INSTRUCTIONS FOR THE TASK
Restate, word for word, every line of the data.

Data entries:
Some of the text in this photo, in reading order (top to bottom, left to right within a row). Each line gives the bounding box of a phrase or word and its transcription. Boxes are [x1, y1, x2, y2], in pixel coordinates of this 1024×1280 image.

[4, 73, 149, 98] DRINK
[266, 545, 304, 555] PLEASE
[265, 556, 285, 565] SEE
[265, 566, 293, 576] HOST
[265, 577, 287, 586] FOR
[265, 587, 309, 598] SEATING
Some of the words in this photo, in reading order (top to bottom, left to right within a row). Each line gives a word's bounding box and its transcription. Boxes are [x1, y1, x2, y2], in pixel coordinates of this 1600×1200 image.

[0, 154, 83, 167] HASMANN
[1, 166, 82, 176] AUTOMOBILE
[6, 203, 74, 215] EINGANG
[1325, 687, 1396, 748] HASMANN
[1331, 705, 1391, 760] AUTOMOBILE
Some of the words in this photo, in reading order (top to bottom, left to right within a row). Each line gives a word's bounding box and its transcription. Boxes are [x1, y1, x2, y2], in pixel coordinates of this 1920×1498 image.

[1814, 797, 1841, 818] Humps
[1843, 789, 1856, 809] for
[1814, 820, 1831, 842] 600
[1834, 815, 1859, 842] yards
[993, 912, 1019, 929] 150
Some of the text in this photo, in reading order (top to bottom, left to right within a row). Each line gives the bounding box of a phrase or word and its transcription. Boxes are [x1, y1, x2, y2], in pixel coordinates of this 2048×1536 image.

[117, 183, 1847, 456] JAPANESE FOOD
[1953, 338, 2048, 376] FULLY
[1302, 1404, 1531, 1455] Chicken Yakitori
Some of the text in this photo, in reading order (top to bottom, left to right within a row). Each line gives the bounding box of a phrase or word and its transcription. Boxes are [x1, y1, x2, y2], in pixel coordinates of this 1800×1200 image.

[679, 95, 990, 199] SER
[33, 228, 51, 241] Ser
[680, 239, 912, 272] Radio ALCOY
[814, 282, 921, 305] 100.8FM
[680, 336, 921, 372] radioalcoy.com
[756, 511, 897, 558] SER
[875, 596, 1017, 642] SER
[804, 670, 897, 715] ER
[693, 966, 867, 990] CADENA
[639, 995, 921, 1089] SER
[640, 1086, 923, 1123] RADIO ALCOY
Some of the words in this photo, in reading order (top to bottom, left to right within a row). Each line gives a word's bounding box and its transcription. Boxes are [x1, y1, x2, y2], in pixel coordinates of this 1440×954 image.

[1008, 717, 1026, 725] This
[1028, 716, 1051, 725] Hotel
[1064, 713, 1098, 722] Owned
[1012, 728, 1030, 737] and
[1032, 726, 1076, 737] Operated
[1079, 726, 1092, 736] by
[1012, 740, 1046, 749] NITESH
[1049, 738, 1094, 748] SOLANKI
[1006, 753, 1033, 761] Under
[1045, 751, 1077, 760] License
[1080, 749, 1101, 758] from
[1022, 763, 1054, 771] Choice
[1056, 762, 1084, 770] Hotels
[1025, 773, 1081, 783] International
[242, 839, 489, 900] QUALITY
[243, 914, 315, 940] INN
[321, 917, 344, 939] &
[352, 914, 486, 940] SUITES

EXERCISE RESULT
Some of the text in this photo, in reading order (top to bottom, left to right within a row). Each line gives the bounding box of a phrase or word and its transcription. Boxes are [x1, y1, x2, y2], in pixel coordinates of this 1024×1280 image.

[4, 73, 149, 98] DRINK
[266, 545, 304, 555] PLEASE
[265, 556, 285, 565] SEE
[265, 566, 293, 576] HOST
[265, 577, 287, 586] FOR
[265, 587, 309, 598] SEATING
Some of the words in this photo, in reading order (top to bottom, left to right within a row). Each line gives a word's bounding box and its transcription. Boxes are [x1, y1, x2, y2], in pixel coordinates of this 1600×1200 image.

[0, 154, 83, 167] HASMANN
[1, 166, 82, 176] AUTOMOBILE
[6, 203, 74, 215] EINGANG
[1325, 687, 1396, 748] HASMANN
[1331, 705, 1391, 760] AUTOMOBILE
Some of the words in this photo, in reading order (top to bottom, left to right within a row). Each line gives a word's bounding box and its transcription. Boxes are [x1, y1, x2, y2], in pixel coordinates of this 1920×1498 image.

[1814, 797, 1841, 818] Humps
[1843, 789, 1856, 809] for
[1814, 820, 1831, 842] 600
[1834, 815, 1859, 842] yards
[993, 912, 1019, 929] 150
Some of the text in this photo, in reading order (top to bottom, left to right within a row). Each line gives the bounding box of a phrase or word and its transcription. Boxes are [x1, y1, x2, y2], in pixel coordinates of this 2048×1536 image.

[117, 183, 1847, 456] JAPANESE FOOD
[1953, 338, 2048, 376] FULLY
[1302, 1404, 1531, 1455] Chicken Yakitori
Some of the text in this photo, in reading order (top to bottom, left to right within a row). Each line gives the bounding box of a phrase or word and its transcription. Boxes are [x1, y1, x2, y2], in pixel coordinates of this 1800×1200 image.

[679, 95, 990, 199] SER
[33, 228, 51, 241] Ser
[680, 239, 912, 272] Radio ALCOY
[814, 282, 921, 305] 100.8FM
[680, 336, 921, 372] radioalcoy.com
[756, 511, 897, 558] SER
[875, 596, 1017, 642] SER
[804, 670, 897, 715] ER
[693, 966, 867, 990] CADENA
[639, 995, 921, 1089] SER
[640, 1086, 923, 1123] RADIO ALCOY
Some of the words in this photo, in reading order (top to bottom, left to right within a row). Each line gives a word's bounding box and its transcription. Boxes are [x1, y1, x2, y2], in pixel coordinates of this 1440×954 image.

[1008, 717, 1026, 725] This
[1028, 716, 1051, 725] Hotel
[1064, 713, 1098, 722] Owned
[1012, 728, 1030, 737] and
[1032, 726, 1076, 737] Operated
[1079, 726, 1092, 736] by
[1012, 740, 1046, 749] NITESH
[1049, 738, 1094, 748] SOLANKI
[1006, 753, 1033, 761] Under
[1045, 751, 1077, 760] License
[1080, 749, 1101, 758] from
[1022, 763, 1054, 771] Choice
[1056, 762, 1084, 770] Hotels
[1025, 773, 1081, 783] International
[242, 839, 489, 900] QUALITY
[243, 914, 315, 940] INN
[321, 917, 344, 939] &
[352, 914, 486, 940] SUITES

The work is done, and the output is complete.